益田氏は戦前、本学創立者の宇田尚先生が経営する日東印刷株式会社に勤務されていたそうです。本学近傍の真砂町にあった日東印刷は、本学同様1945年4月13~14日の空襲で破壊され、再起することなく消滅しました。戦後、宇田尚先生が東洋女子歯科医学専門学校の復興に専念したからで、日東印刷に関する資料はほとんど残っていません。今日、学園の関連会社である日東商事の社名にその名残を残すのみです。
宇田尚先生は教育者、東洋思想研究者の他、企業家の顔も持っていました。企業家として得た財産を惜しみなく女子教育に注ぎ、前身校明華女歯が成し得なかった文部大臣指定校認可(卒業生無試験開業の特典)を得たのでした。印刷業経営は「文章報国」の信念によるものと伝えられています。
益田氏は入職後、社内に存在した夜間学校、日東専修学院で学んでいます。同校は本資料が初出です。氏の回想によれば学費、寮費、食費一切不要、その上に小遣いまで出たとのことで、宇田尚先生が従業員教育にも熱心だったことを物語っています。
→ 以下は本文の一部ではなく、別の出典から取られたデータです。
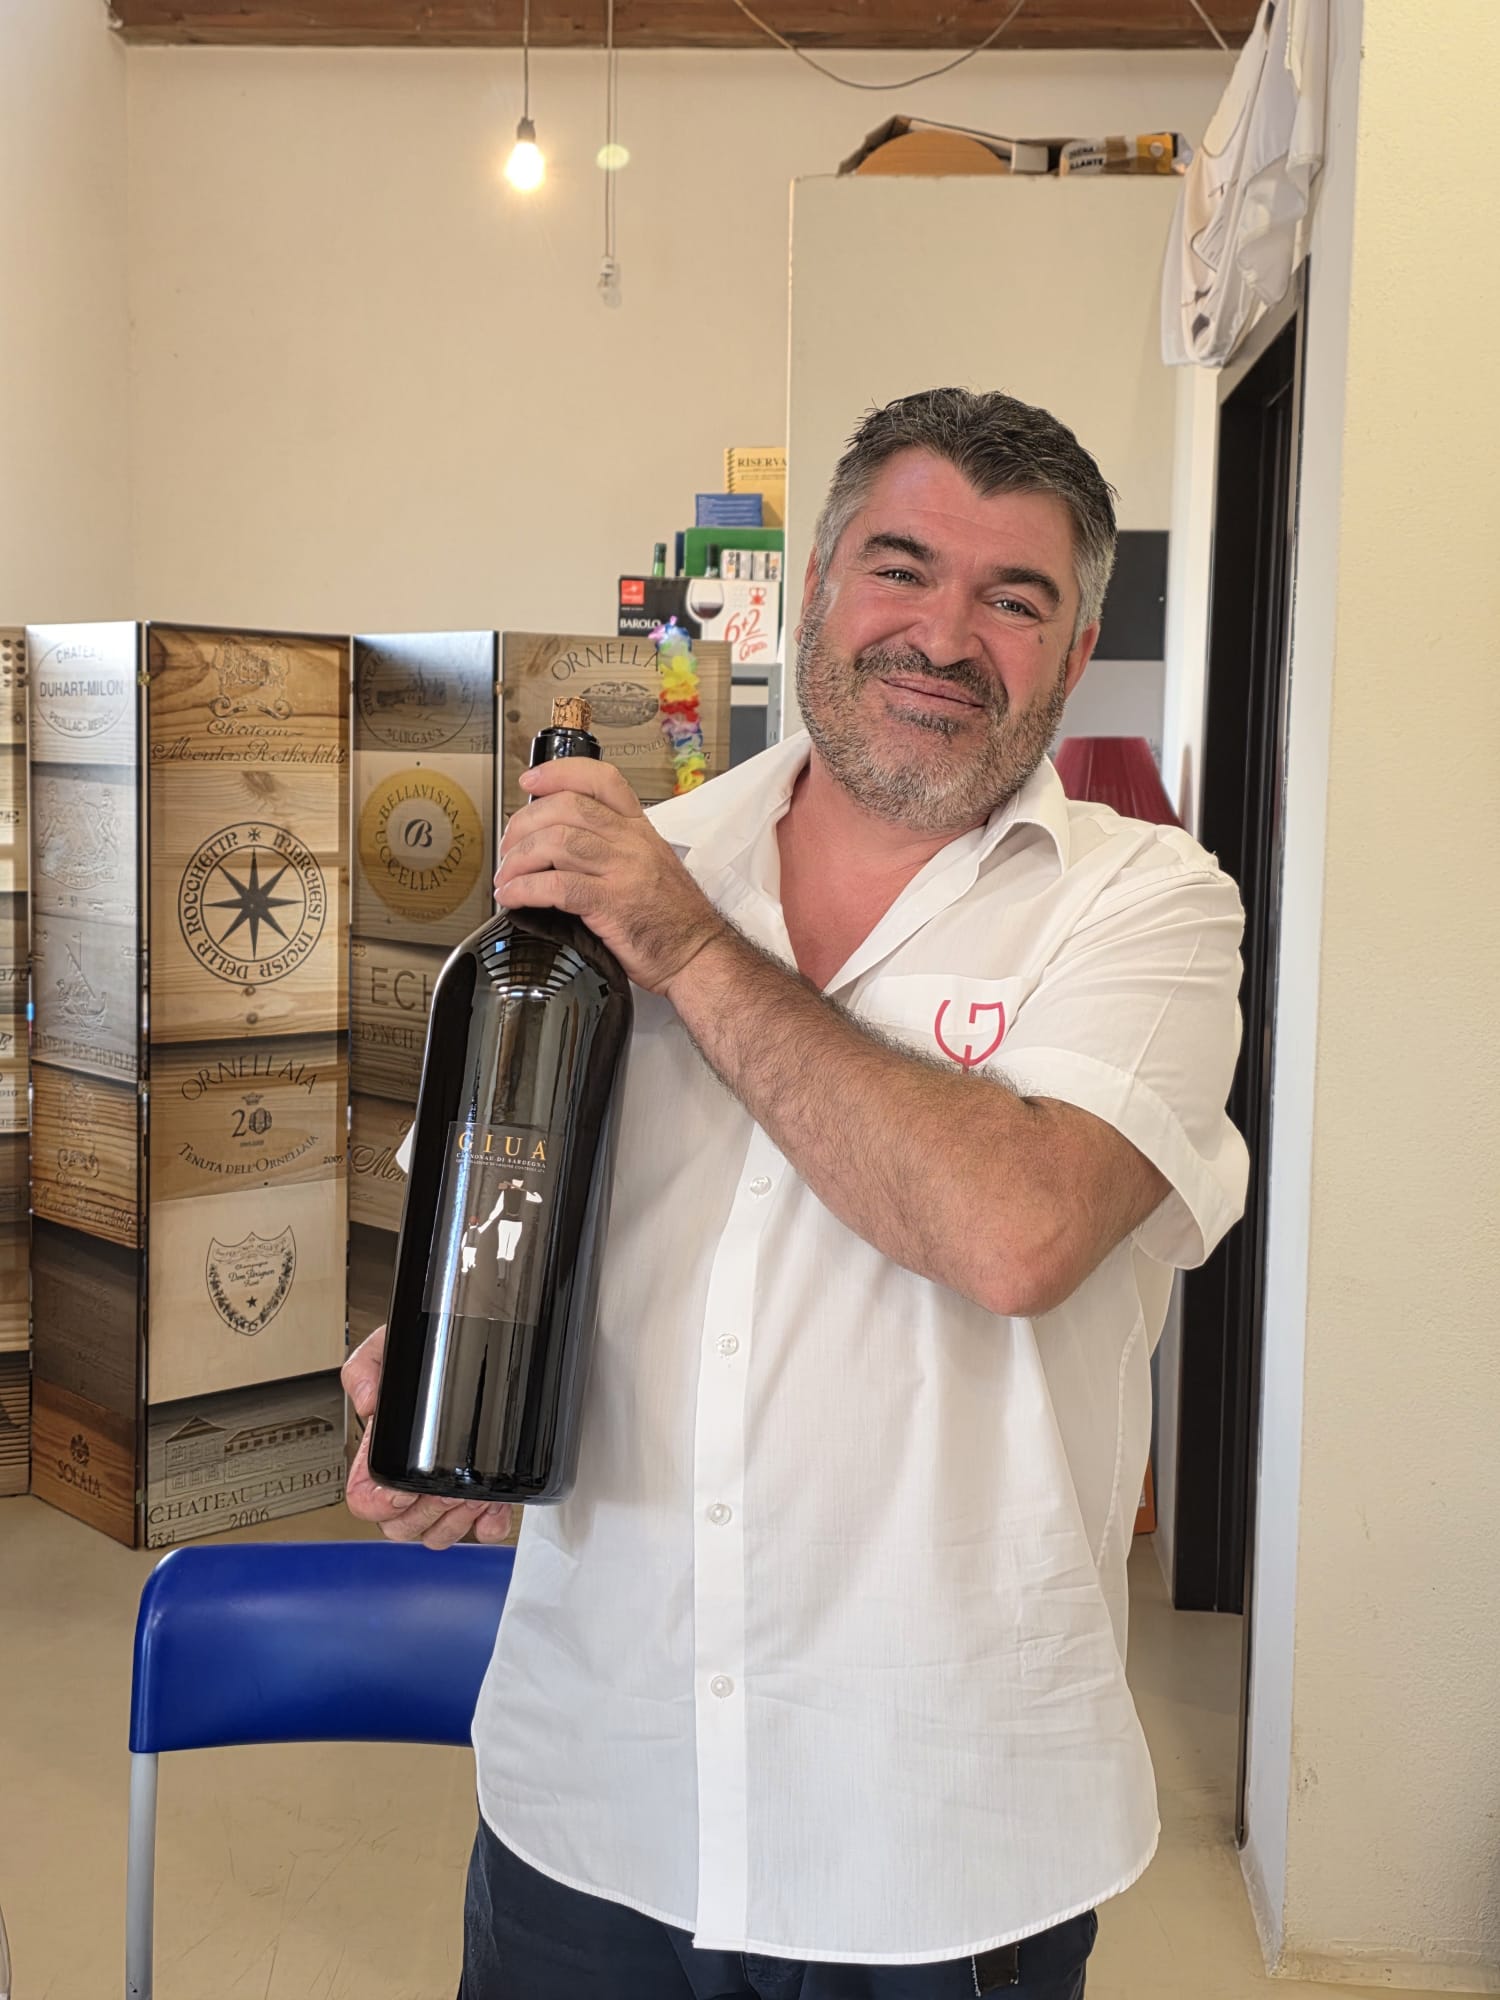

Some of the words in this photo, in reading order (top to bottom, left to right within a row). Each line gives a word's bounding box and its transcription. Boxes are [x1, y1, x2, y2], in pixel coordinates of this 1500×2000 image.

「取引先には有斐閣、厳松堂、明治書院など出版界の老舗が多く、社会科学系、人文科学系の専門書や教科書では定評があった。(略)毎日、自転車で東京大学をはじめ各大学の研究室や出版社を回った」など、日東印刷の実像を物語る証言の数々が散りばめられています。
宇田尚先生はいわゆる日本主義に拠っていたので、それが原因の一つとなって戦後は表舞台から遠ざかり、また業績もまとめられなかった理由となりました。しかし、本書には日東印刷が美濃部達吉著書の印刷を多数手がけており、発禁となった『逐条憲法精義』の紙型が官憲に押収されるなど、天皇機関説事件が同社にも翳を落とし、宇田社長が成り行きを心配していた(であろう)という記述がありました。これは先生を単なる観念右翼として片付けることを退ける、貴重な証言です。
財団法人東洋女歯の協議員である井田磐楠(いだいわくす 男爵、貴族院議員)は日露戦争旅順要塞攻城戦の際に宇田尚先生の上官となり、以来刎頚の友として東洋女歯創立以来の法人役員でした。貴族院では貴衆両院有志懇談会を結成し、美濃部学説攻撃の先頭に立っています。本書からは、宇田尚先生が同志と美濃部達吉の板挟みの立場だったことを窺えます。
2009年9月30日文京ミューズネット全体会議
文京ミューズネット(ミュージアムネットワーク)全体会議に出席(於文京区役所シビックセンター)。議題:新規加入団体(本学含む)の見学会、ミューズネットマップ、秋のイベントなど。
2009年9月30日『不毛地帯』放映に寄せて
来月よりフジテレビ開局50周年記念ドラマ『不毛地帯』(原作:山崎豊子)が放映されることから、原作と本学のかかわりを記します。『不毛地帯』の主人公は元大本営陸軍部作戦参謀、戦後は伊藤忠商事会長などを務めた故・瀬島龍三氏がモデルと言われています。
写真は本学の故・黒澤嘉幸(在職1959~2003年 短大事務部長、東洋文化学院長、法人常任理事、法人顧問)のソ連抑留体験を下敷きにした小説『禿鷹よ、心して舞え』です。推薦の帯が示すように、黒澤嘉幸と瀬島龍三氏の交流は抑留時代まで遡ります。
『東洋学園八十年の歩み』では本書を紹介しました(2007年 P.248~249)。この機会に転載して紹介し、瀬島氏を象徴とする多くの無名抑留被害者が存在したことを知っていただきたいと思います(前半及び引用箇所一部略)。
「このシベリア抑留体験は、小説『不毛地帯』を執筆中の作家山崎豊子氏に提供された。世に問う意図を持って出版社に預けた原稿であったが、(黒澤)氏は山崎氏への提供を快諾した。当時、山崎氏は月一回ほど本郷校舎に赴き、黒澤氏と執筆打ち合わせを重ねた。『不毛地帯』の主人公(モデルは瀬島龍三氏と言われている)抑留中の描写は、黒澤氏の体験に拠っている。瀬島氏は抑留中、黒澤氏と辛苦を共にしたことから帰国後も交流が続き、平成15年(2003)年11月5日、霊南坂教会におけるお別れの前夜式では瀬島氏が代表して弔辞を捧げた。」
『禿鷹よ、心して舞え』黒澤嘉幸 彩流社 2000年3月
カバー装丁の絵は著者による油彩画。旺玄会に所属し、個展開催の実績もあります。